[Referring expression grounding data]

= = = =

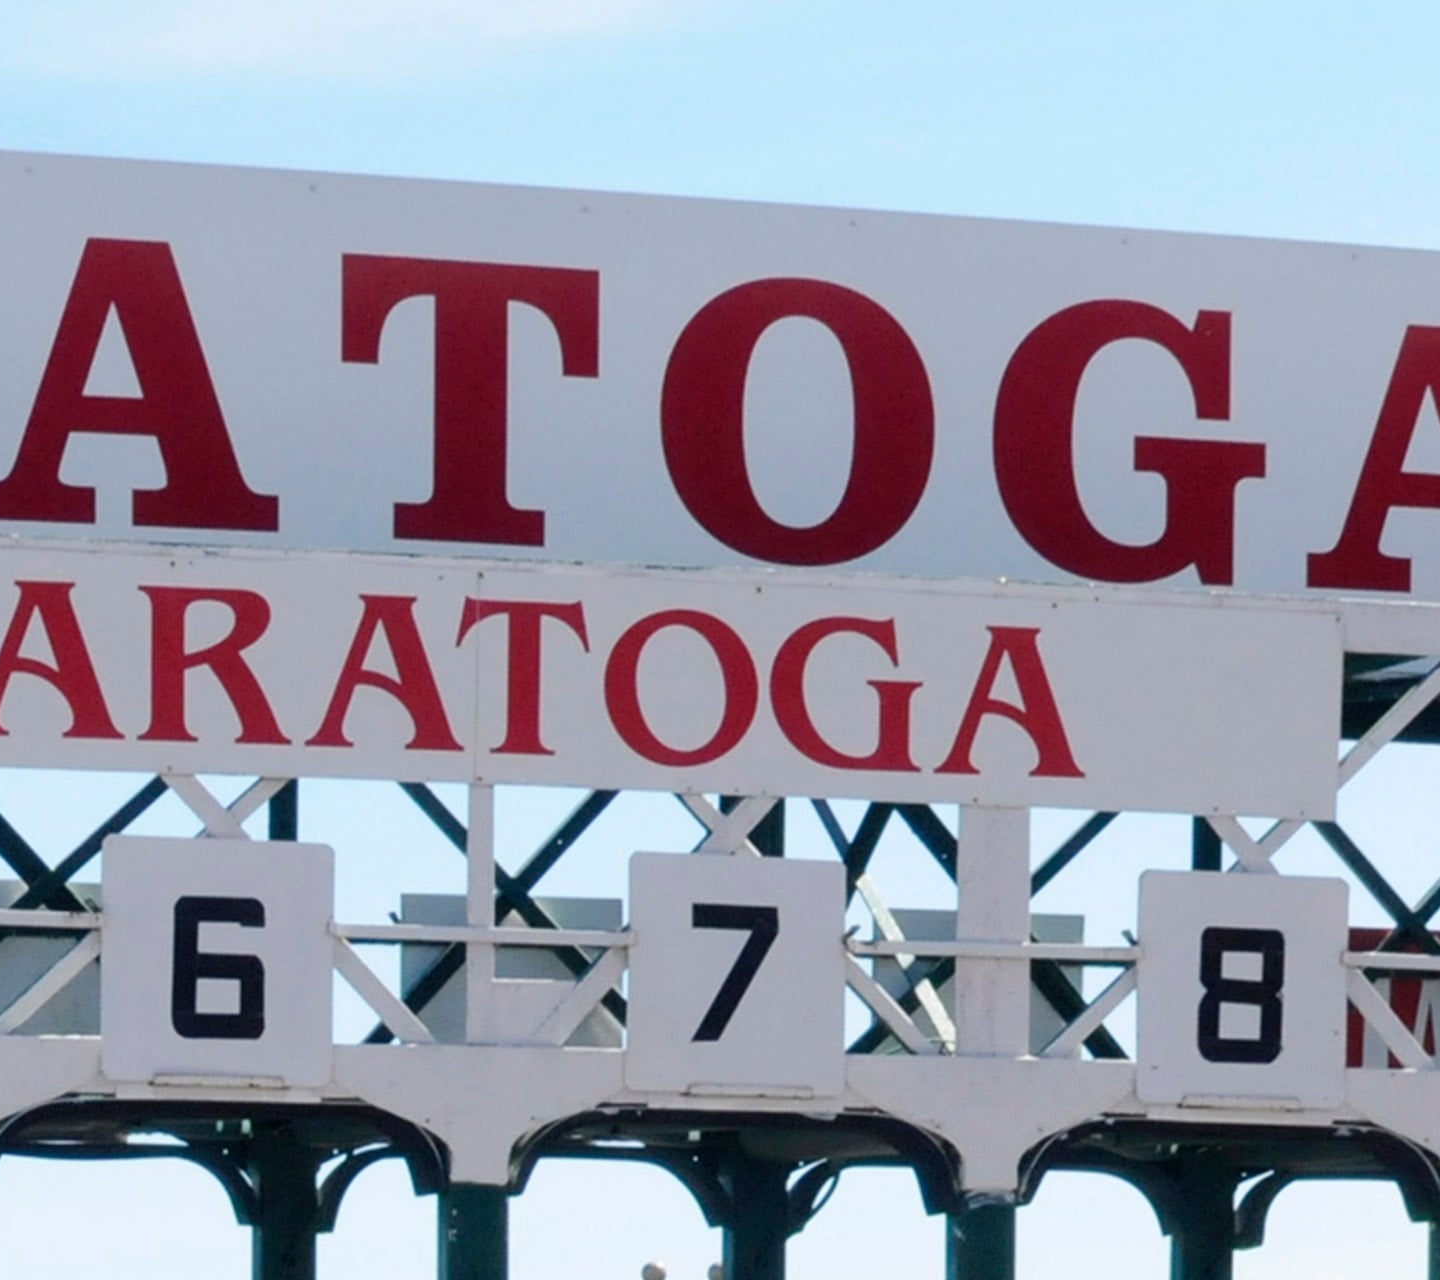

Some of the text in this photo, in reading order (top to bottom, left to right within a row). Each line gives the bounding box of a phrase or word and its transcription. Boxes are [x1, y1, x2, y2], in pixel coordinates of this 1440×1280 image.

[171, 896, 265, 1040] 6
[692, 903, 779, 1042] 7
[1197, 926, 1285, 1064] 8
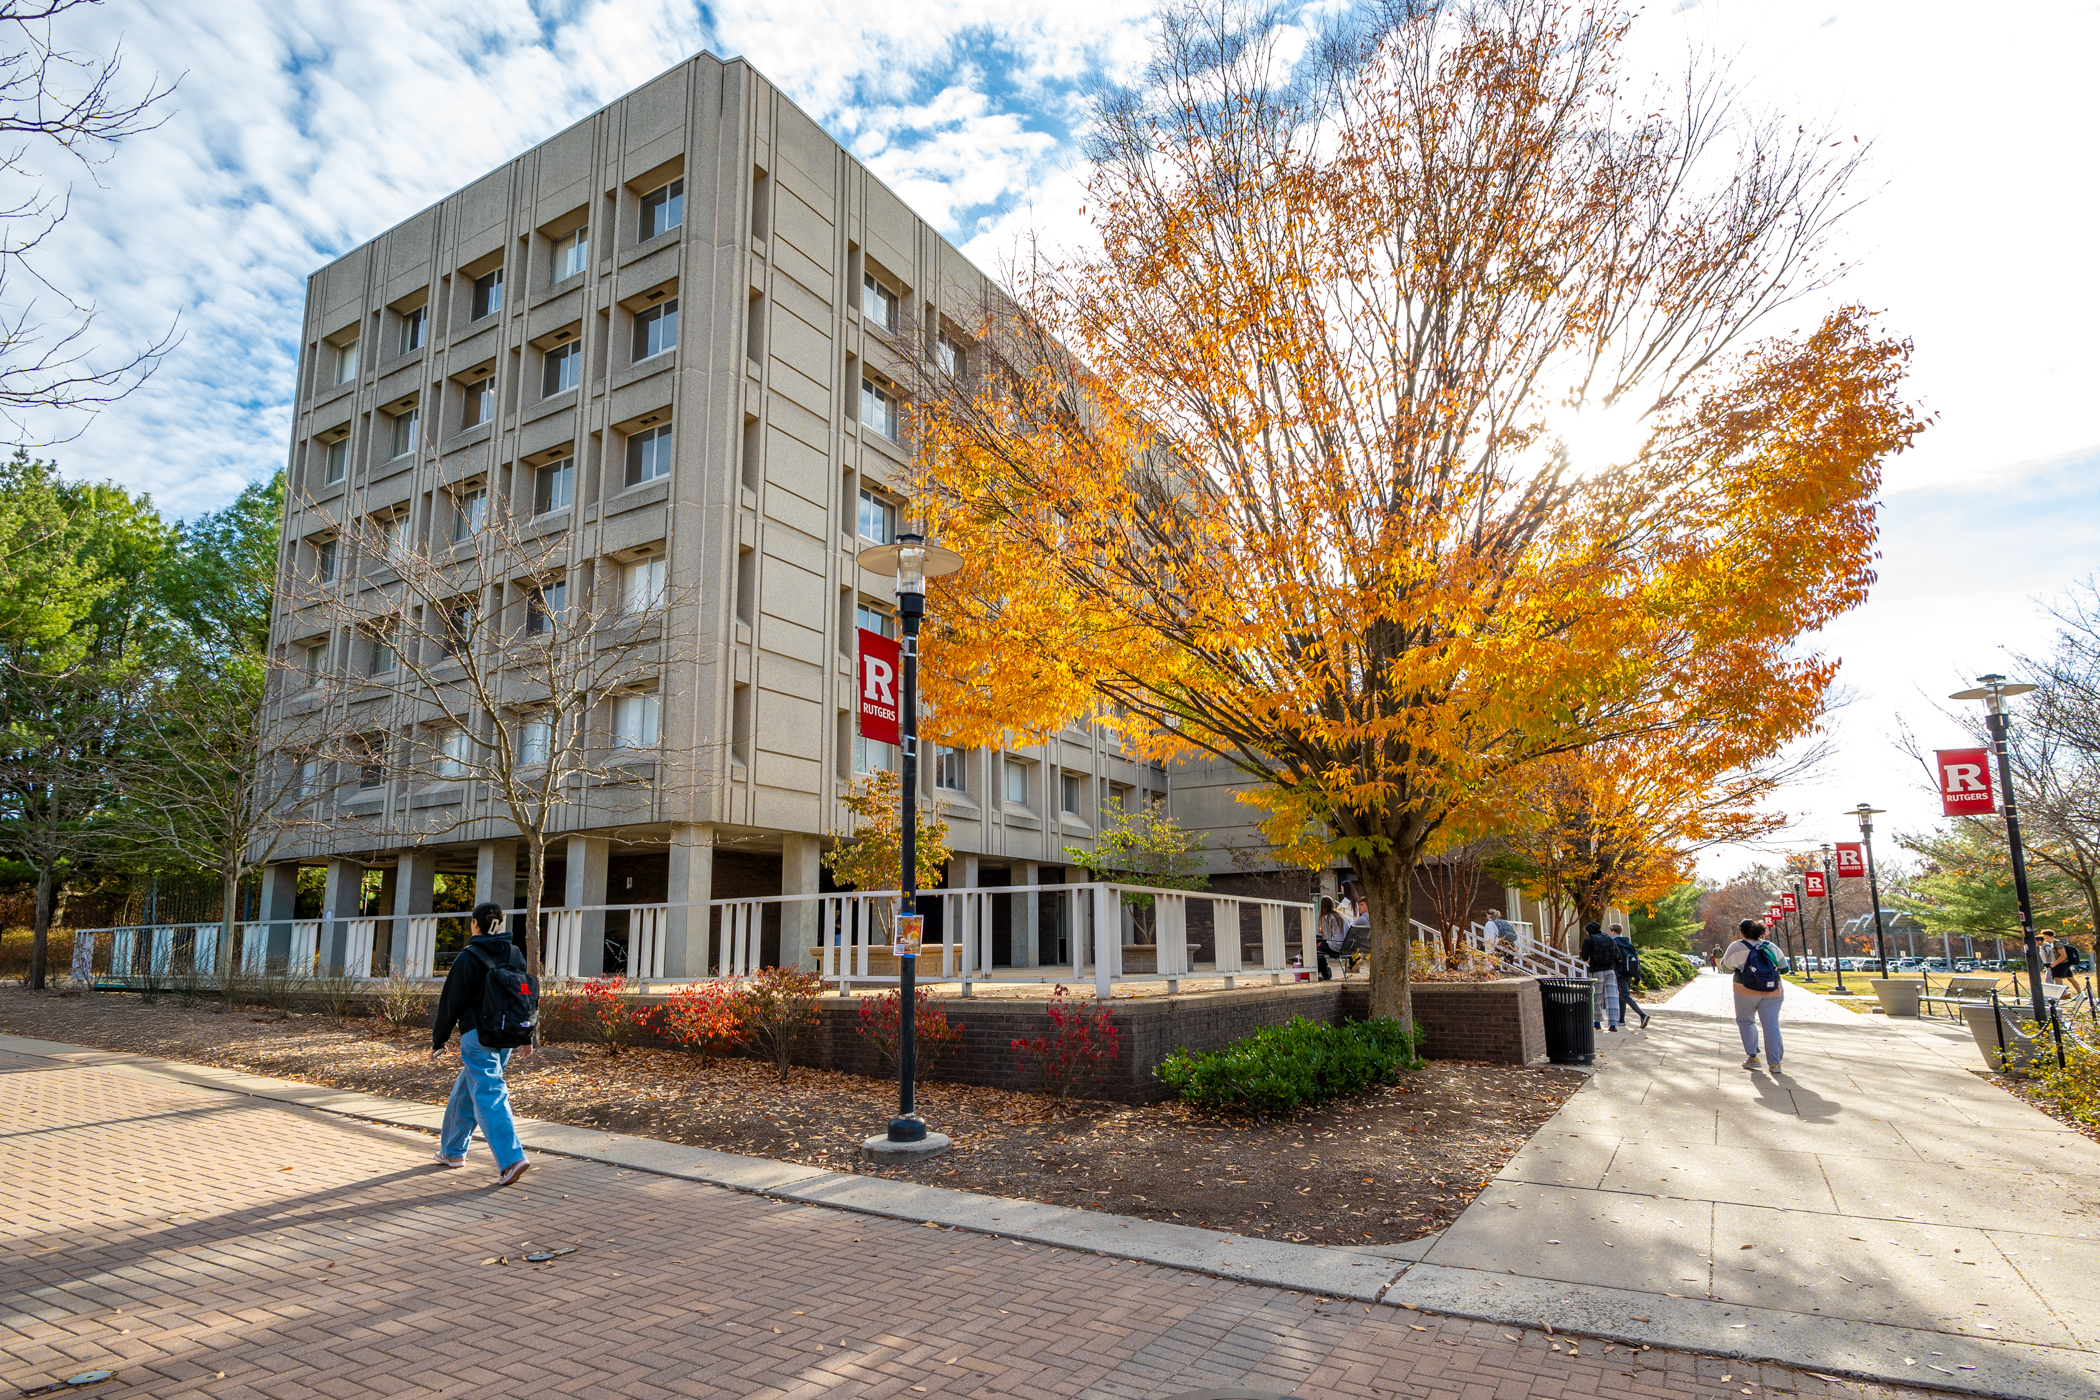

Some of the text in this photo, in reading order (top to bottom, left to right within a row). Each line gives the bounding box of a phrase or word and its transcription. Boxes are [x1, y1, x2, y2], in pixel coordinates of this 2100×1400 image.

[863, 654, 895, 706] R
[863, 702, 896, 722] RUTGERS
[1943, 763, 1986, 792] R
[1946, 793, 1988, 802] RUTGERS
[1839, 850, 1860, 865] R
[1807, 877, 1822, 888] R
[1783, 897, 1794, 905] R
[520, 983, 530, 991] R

= = = =

_Assignment_
Hand back the records above exactly, leaving out every picture.

_Result for this task_
Some of the text in this photo, in reading order (top to bottom, left to right within a row). Each line gives the bounding box of a phrase or word and its transcription. Boxes are [x1, y1, x2, y2], in pixel coordinates of this 1440×1280 image.

[171, 896, 265, 1040] 6
[692, 903, 779, 1042] 7
[1197, 926, 1285, 1064] 8

Some of the text in this photo, in reading order (top to bottom, left to right within a row). Each line gives the bounding box of a phrase or word and its transcription. Boxes are [x1, y1, x2, y2], in pixel coordinates of this 2100×1400 image.

[863, 654, 895, 706] R
[863, 702, 896, 722] RUTGERS
[1943, 763, 1986, 792] R
[1946, 793, 1988, 802] RUTGERS
[1839, 850, 1860, 865] R
[1807, 877, 1822, 888] R
[1783, 897, 1794, 905] R
[520, 983, 530, 991] R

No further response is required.